Grundsätzlich beträgt das Arbeitslosengeld 70 Prozent des letzten Lohns. Zu beachten ist allerdings der maximale Lohn von 12’350 Franken pro Monat, der dabei zugrunde gelegt wird.
In folgenden Fällen können Sie Arbeitslosengeld bis zu 80 Prozent des letzten Lohns erhalten:
- Es gibt unterhaltsberechtigte Kinder.
- Bei Invalidität (ab einem Grad der Invalidität von 40 Prozent).
- Falls der letzte Monatslohn unterhalb 3’797 Franken betragen hat.
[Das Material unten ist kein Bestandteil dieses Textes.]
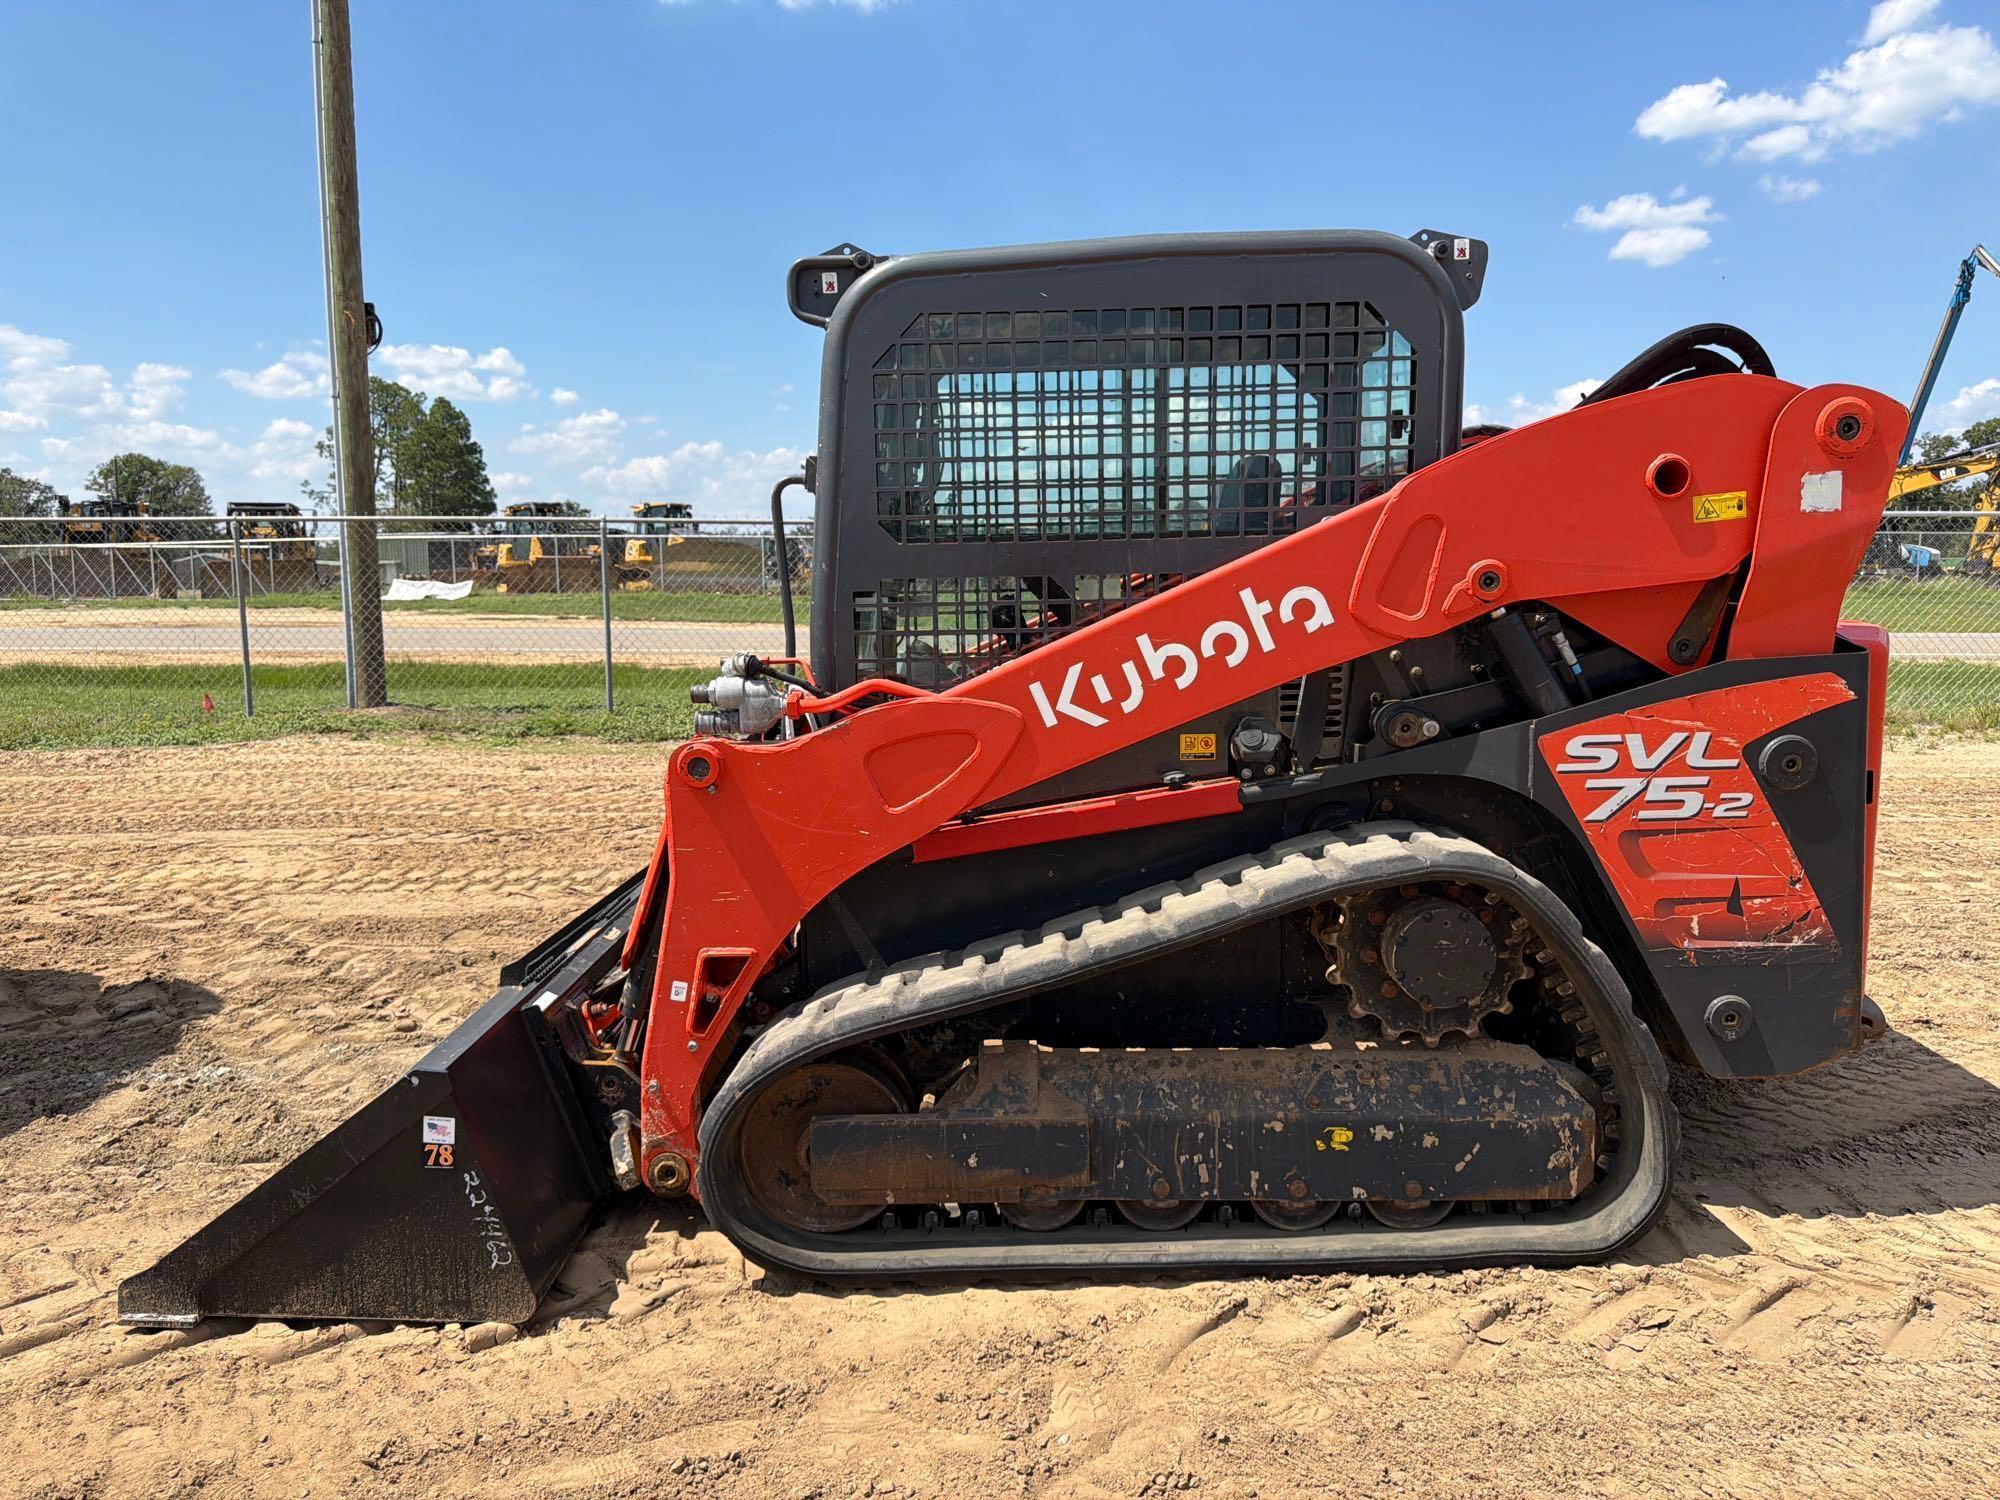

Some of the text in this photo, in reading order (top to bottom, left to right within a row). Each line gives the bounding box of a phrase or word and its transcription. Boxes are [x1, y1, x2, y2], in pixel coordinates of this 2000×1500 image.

Die nachfolgende Tabelle zeigt den Zeitraum, in dem Anspruch auf Arbeitslosengeld besteht:
Beitragszahlungen | Alter und Unterhaltspflicht | Weitere Bedingungen | Arbeitslosenversicherung Taggelder |
12 bis 24 Monate | bis 25 (keine Unterhaltspflicht) | 200 Monate | |
12 bis 18 Monate | ab 25 | 260 Monate | |
12 bis 18 Monate | ab 25 (bei Unterhaltspflicht) | 260 Monate | |
18 bis 24 Monate | ab 25 (keine Unterhaltspflicht) | 400 Monate | |
18 bis 24 Monate | ab 25 (bei Unterhaltspflicht) | 400 Monate | |
22 bis 24 Monate | ab 55 | 520 Monate | |
22 bis 24 Monate | ab 25 | bei Invaliditätsrente, ab Invaliditätsgrad von 40 Prozent | 520 Monate |
22 bis 24 Monate | ab 25 (mit Unterhaltspflicht) | bei Invaliditätsrente, Invaliditätsgrad mindestens 40 Prozent | 520 Monate |
Sofern Sie binnen vier Jahren vor dem Erreichen des Rentenalters arbeitslos werden, erhalten Sie nochmals für 120 Arbeitstage Arbeitslosengeld.
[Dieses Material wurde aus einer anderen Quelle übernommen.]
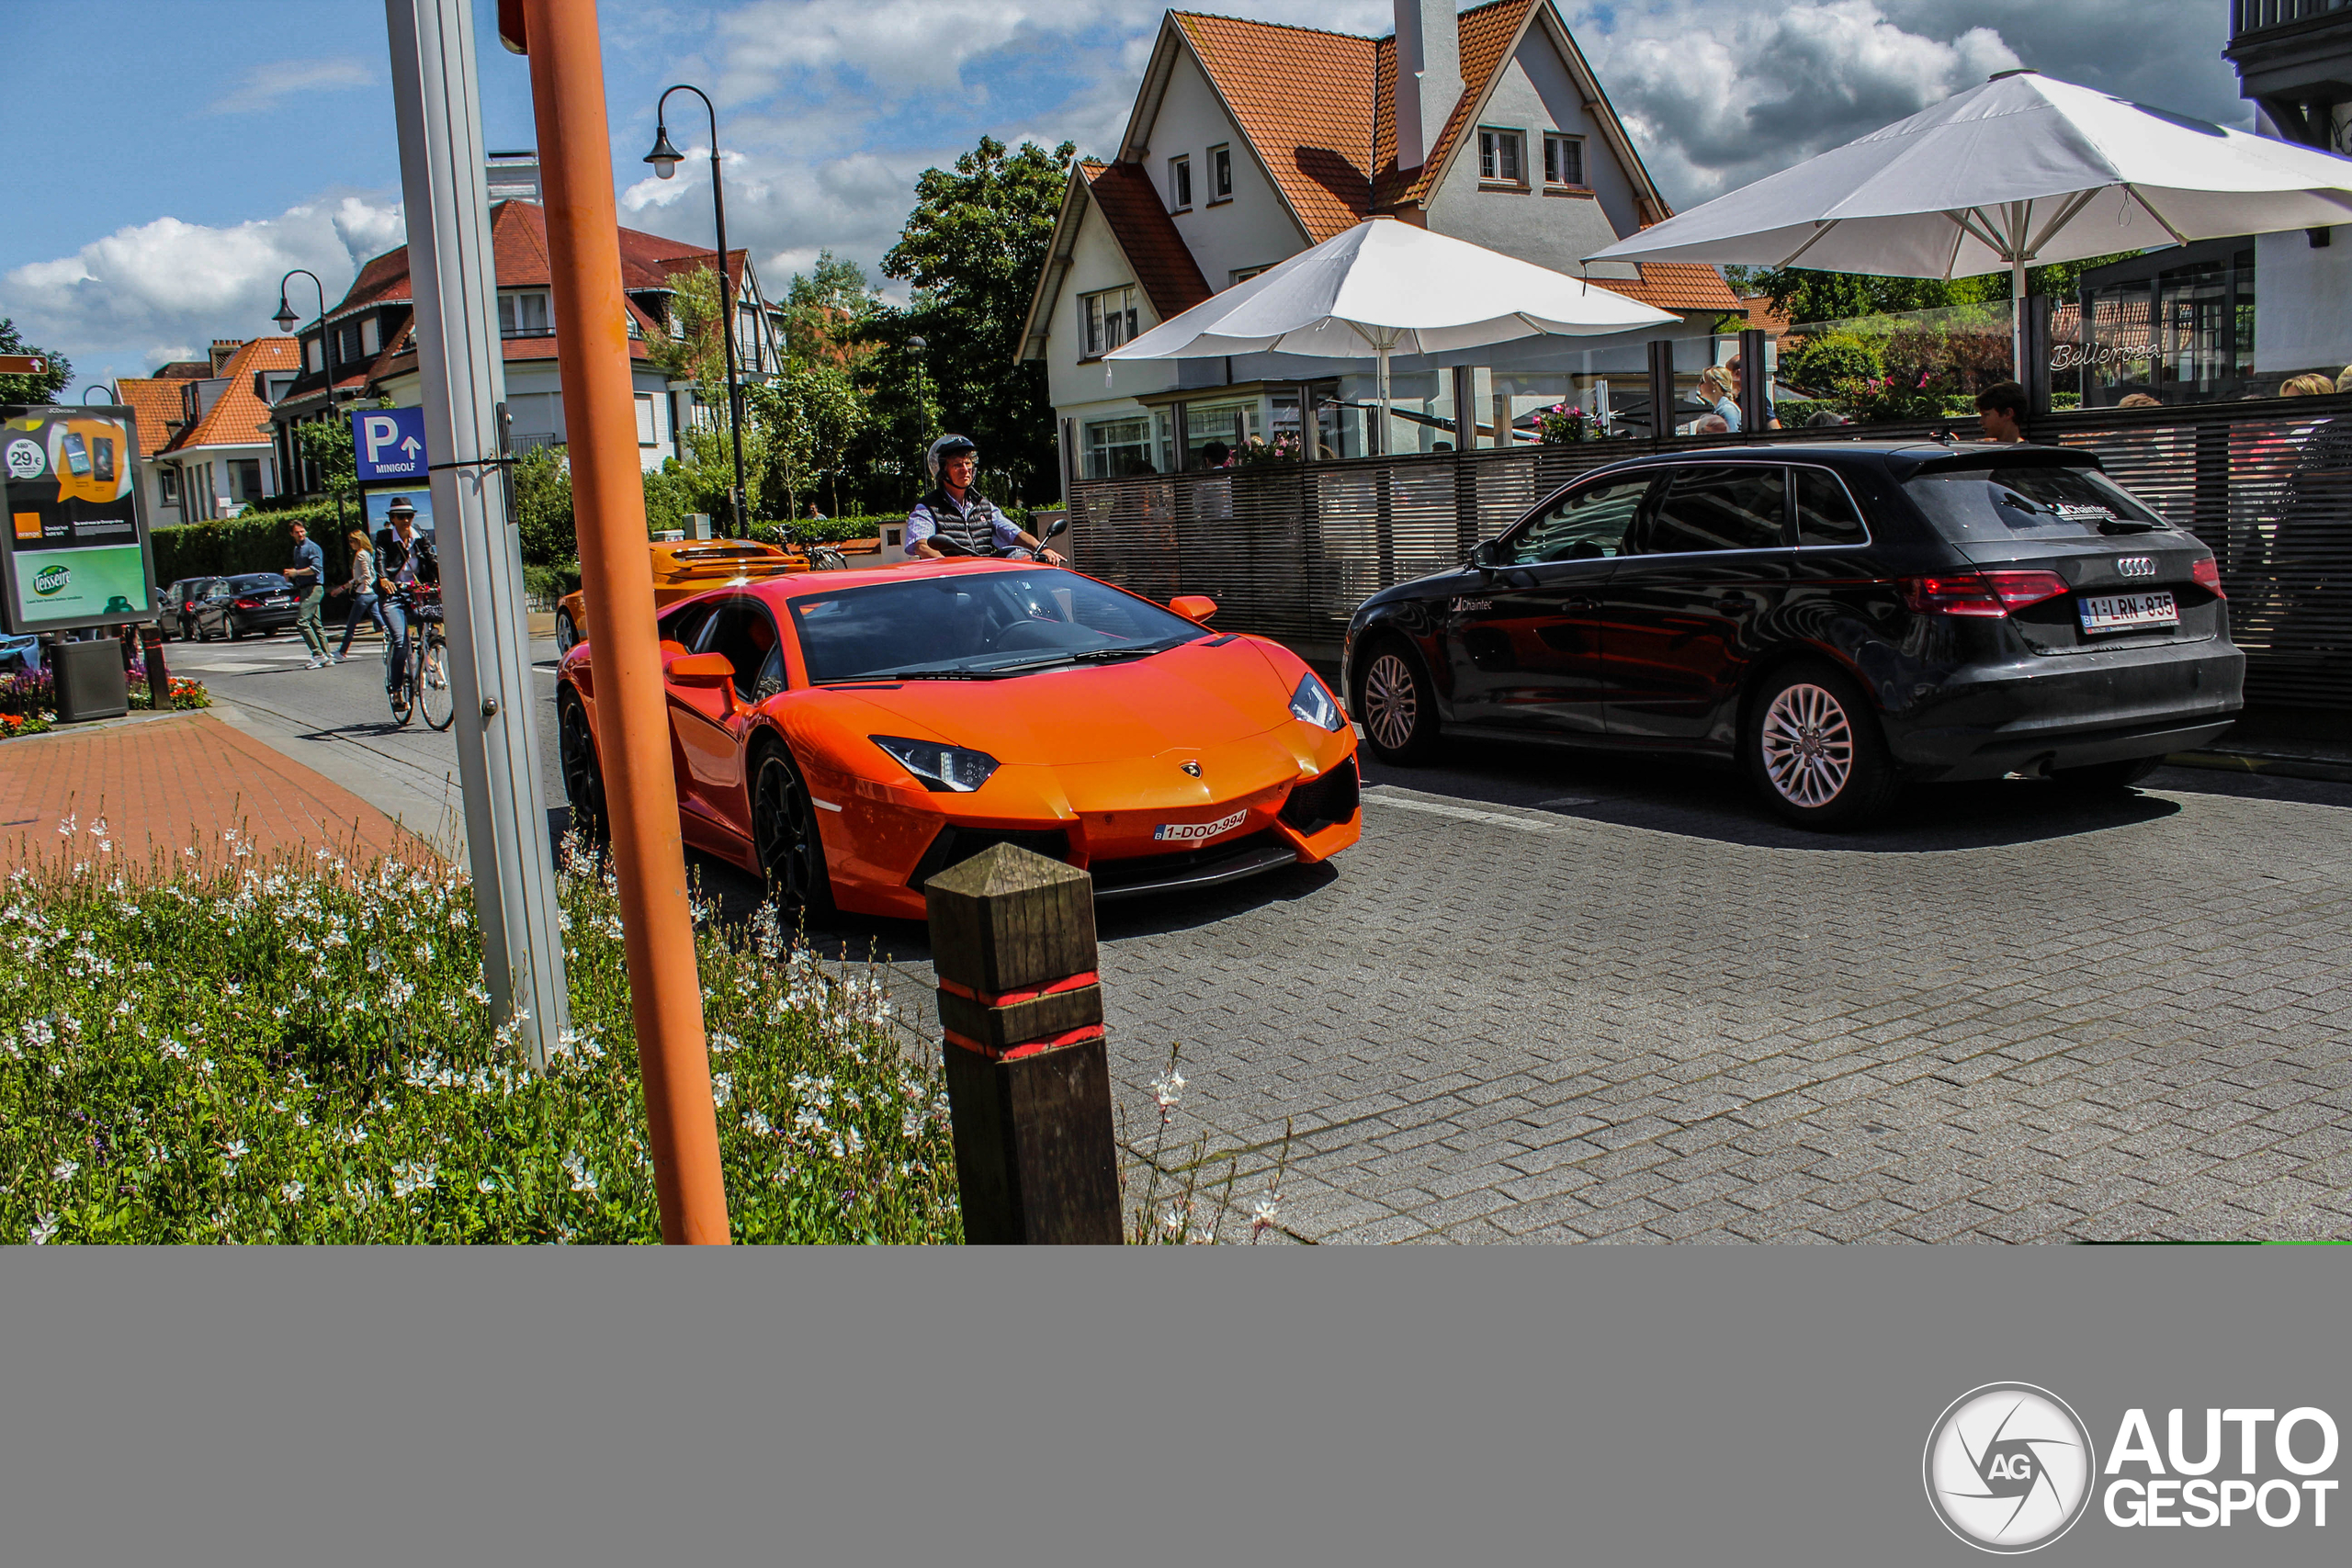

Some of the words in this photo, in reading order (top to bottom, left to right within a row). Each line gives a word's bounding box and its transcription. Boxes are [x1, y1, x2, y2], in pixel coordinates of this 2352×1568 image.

[364, 416, 399, 463] P
[11, 451, 32, 466] 29
[35, 457, 41, 466] €
[376, 462, 415, 474] MINIGOLF
[2064, 503, 2112, 514] Chaintec
[33, 568, 72, 592] Teisseire
[1462, 599, 1492, 611] Chaintec
[2083, 615, 2091, 625] B
[1167, 811, 1245, 839] 1-DOO-994
BVG Einzahlungen: Was passiert bei Erwerbslosigkeit?
Werden Sie arbeitslos, bedeutet das für die Pensionskasse gewissermassen ein Austritt. Das bedeutet, Ihr Altersguthaben bei der Vorsorgeeinrichtung muss in der Regel an eine Freizügigkeitseinrichtung überwiesen werden.
Für die Anlage Ihrer Freizügigkeitsleistung bieten sich folgende Möglichkeiten an:
- Freizügigkeitspolice: Das Kapital ist gut geschützt und die Versicherungsansprüche sind garantiert. Oft ist neben dem Erlebenskapital auch ein Todesfallkapital versichert. Für die Versicherungsleistung fallen jedoch Kosten an. Je nach persönlicher Situation ist eine Versicherung nicht immer sinnvoll und besonders bei kurzen Laufzeiten ist die Lösung oft nicht lohnenswert.
- Freizügigkeitsstiftung: Hier erfolgt die Geldanlage bei einer Bank. Die Verzinsung ist nicht besonders hoch. Dennoch lohnt sich ein Vergleich, bei dem auch auf die Gebühren geachtet werden sollte.
- Fondsanlagen: Bei Anlagezeiträumen von mehr als zehn Jahren ist die Anlage am Aktienmarkt eine erfahrungsgemäss effektivere Möglichkeit. Hier bieten digitale Vermögensberatungen auch für überschaubare Summen interessante Anlagemöglichkeiten.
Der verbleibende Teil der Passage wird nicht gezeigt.